Just after this realization, I was struck even more forcefully by the humility of blessing. God has granted me this period of time to accumulate more experiences than so many ever do in a lifetime, and I am overwhelmed. Why me? What did I do to deserve such a joy? It is more than I could have expected or wished for.
In reality, these past 3 years or so have also been some of the hardest. Behind the smiles and filtered Instagram posts have been some of the most trying personal struggles I’ve experienced yet. Often during these struggles I’ve asked God “why me?” in a very different sense. I have pouted my fair share, reflected on the seemingly hopeless state of the world, and squeezed out all the meaning that I can about the question of human suffering.
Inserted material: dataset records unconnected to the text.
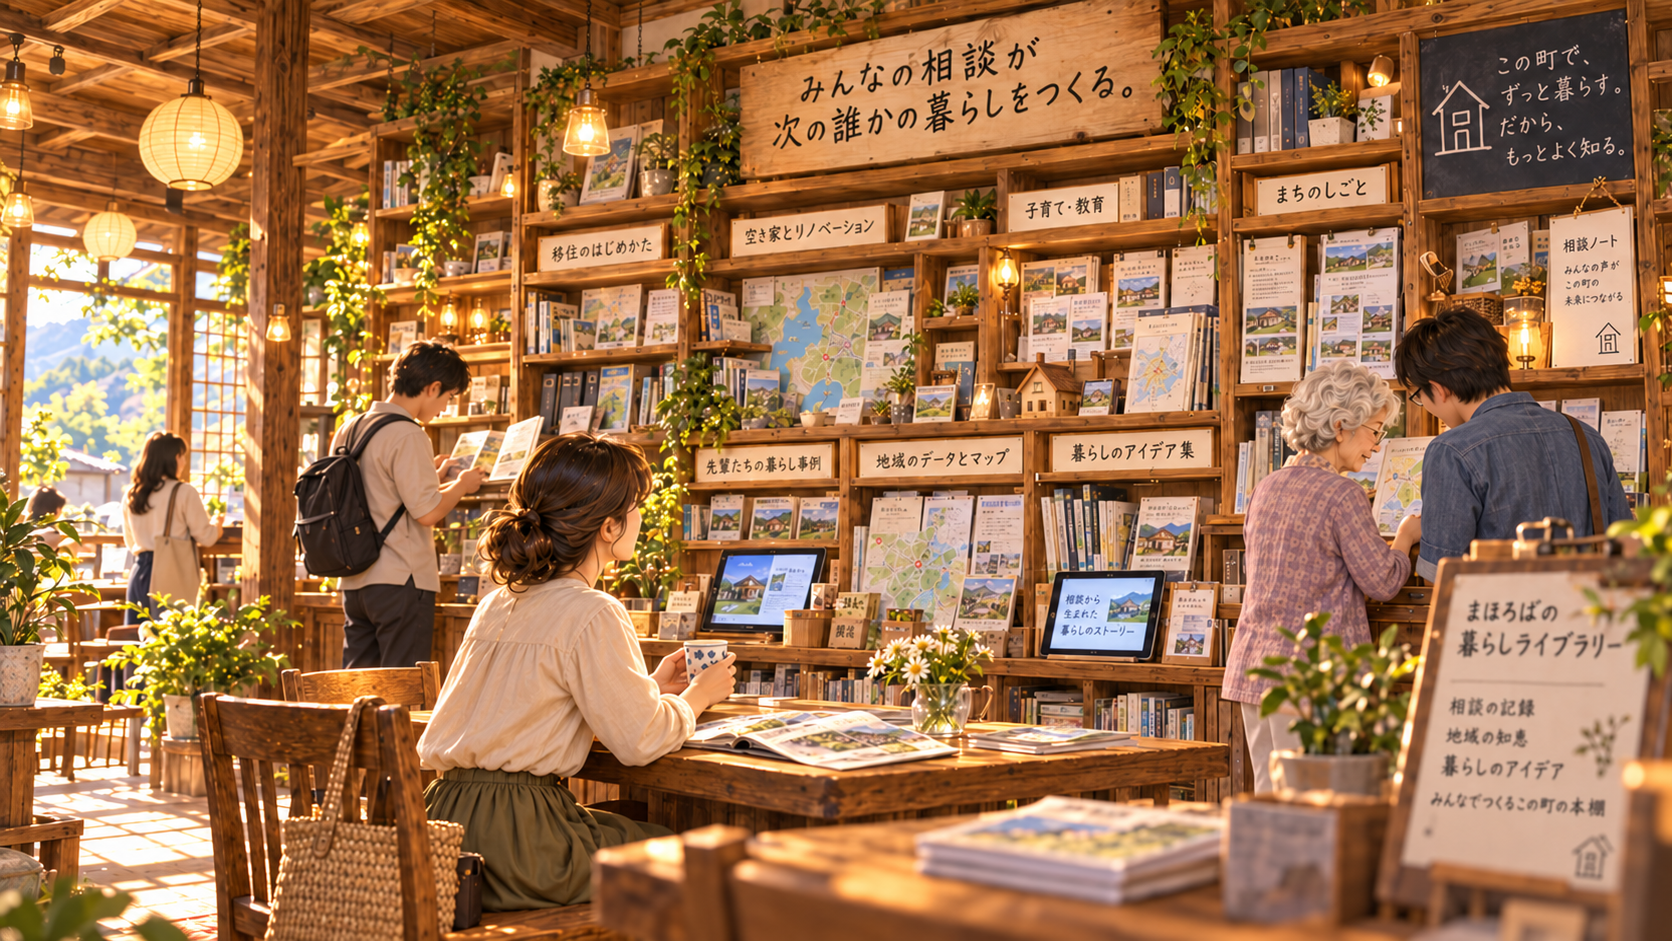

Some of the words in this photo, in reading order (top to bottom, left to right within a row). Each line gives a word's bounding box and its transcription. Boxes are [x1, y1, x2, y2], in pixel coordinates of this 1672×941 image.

[800, 36, 1040, 103] みんなの相談が
[1497, 44, 1590, 75] この町で、
[1501, 73, 1622, 106] ずっと暮らす。
[772, 65, 1133, 150] 次の誰かの暮らしをつくる。
[1500, 112, 1564, 137] だから、
[1506, 136, 1625, 166] もっとよく知る。
[1276, 178, 1367, 204] まちのしごと
[1025, 195, 1105, 220] 子育て・教育
[744, 218, 875, 246] 空き家とリノベーション
[1563, 234, 1618, 254] 相談ノート
[551, 237, 653, 263] 移住のはじめかた
[1564, 259, 1620, 275] みんなの声が
[1565, 279, 1600, 290] この町の
[1564, 291, 1624, 306] 未来につながる
[875, 447, 1010, 469] 地域のデータとマップ
[1070, 440, 1195, 463] 暮らしのアイデア集
[706, 455, 822, 475] 先輩たちの暮らし事例
[1065, 594, 1101, 605] 相談から
[1466, 599, 1559, 624] まほろばの
[1063, 609, 1098, 620] 生まれた
[1061, 624, 1135, 637] 暮らしのストーリー
[1457, 629, 1623, 659] 暮らしライブラリー
[1449, 697, 1536, 718] 相談の記録
[1445, 727, 1529, 748] 地域の知恵
[1440, 754, 1564, 781] 暮らしのアイデア
[1430, 791, 1607, 817] みんなでつくるこの町の本棚
Suffering and joy are two sides of the same coin of life, and this is the first time I’ve been truly cognizant of it in my own. It’s so interesting, being in one body but knowing the absolute highs and lows. One wonders how it is possible to ride such a roller coaster and still come out on the other end alive.
But God has been good. Though I have often angrily wondered why I find myself in the lows, I believe I have come out the other end of this ride trusting more fully in my Savior. I praise him for bringing me through deserts and valleys. I praise him for the views from the mountaintops, too. He alone is worthy.
Last year’s birthday was much different than this year’s. Last year’s was full of trials and frustrations, this year’s is full of gratitude despite them. Last year I was looking to Europe; now I’m looking for a home. Last year I was ready for road trips, and this year I am ready to settle down. I think much of my purposeful travel is over, for now at least. I’ll probably move a time or two before my schooling is complete, but I’m ready to put down some roots. 25, I’m ready for you.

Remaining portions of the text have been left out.